Gompholobium pinnatum, commonly known as pinnate wedge-pea, is a species of flowering plant in the pea family Fabaceae and is endemic to eastern Australia. It is an ascending or erect shrub with pinnate leaves and yellow flowers with red marks.

==Description==
Gompholobium pinnatum is an ascending to erect, often sprawling shrub that typically grows to a height of 10–40 cm and has thin, more or less glabrous stems. The leaves are pinnate with 15 to 31 narrow linear to narrow elliptic leaflets, 6–12 mm long and 0.5–1.5 mm wide with a minute point on the tip and the edges curved down or rolled under.
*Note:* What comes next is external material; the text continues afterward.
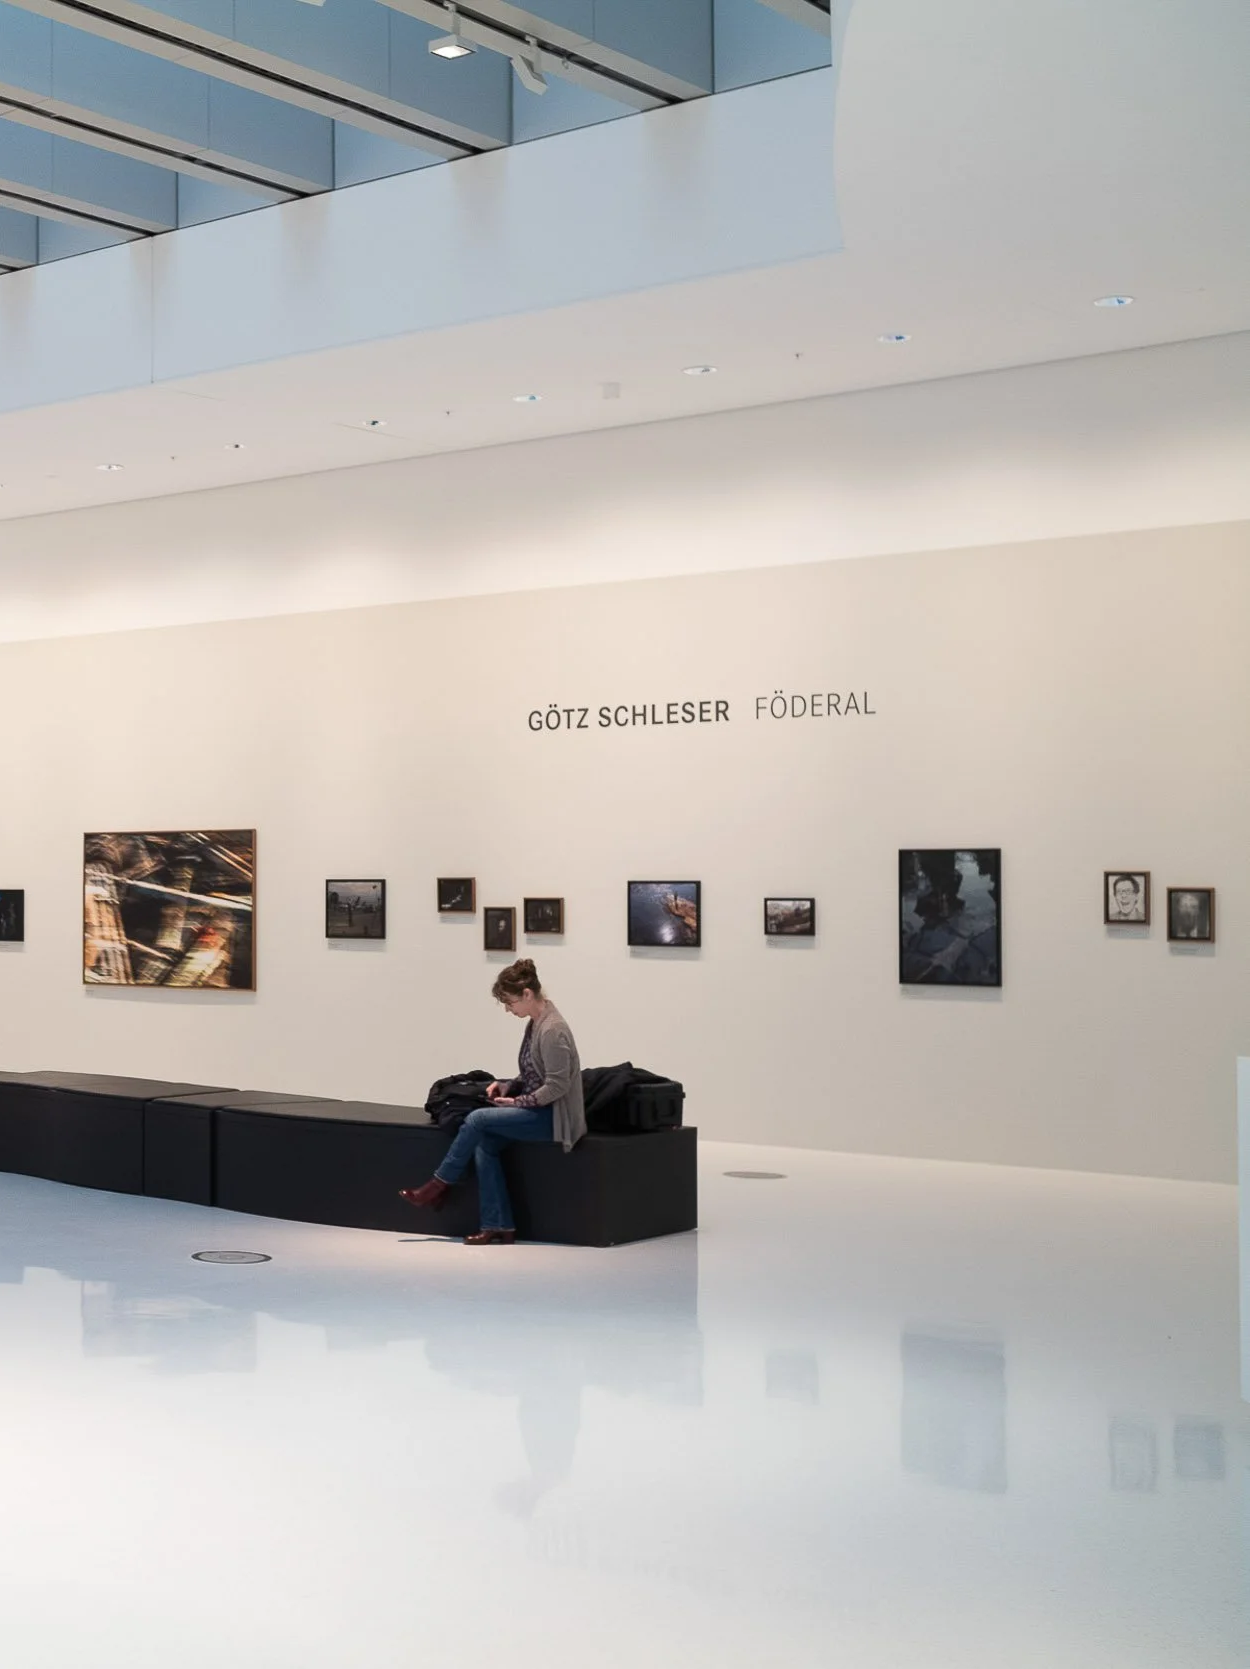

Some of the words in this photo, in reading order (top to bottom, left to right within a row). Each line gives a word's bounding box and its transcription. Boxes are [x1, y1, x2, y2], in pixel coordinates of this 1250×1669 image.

The flowers are arranged in small groups on the ends of branchlets, each flower on a pedicel 5–10 mm long. The sepals are 5–6 mm long, the standard petal yellow with red marks and 6–10 mm long, wings yellow and the keel green. Flowering occurs in spring and summer and the fruit is an oval or spherical pod 6–10 mm long.

==Taxonomy==
Gompholobium pinnatum was first formally described in 1805 by James Edward Smith in Annals of Botany. The specific epithet (pinnatum) refers to the pinnate leaves.

==Distribution and habitat==
Pinnate wedge-pea grows in forest, woodland, heathland and shrubland, often in wet places and is widespread on the coast and nearby ranges of Queensland and New South Wales as far south as Jervis Bay.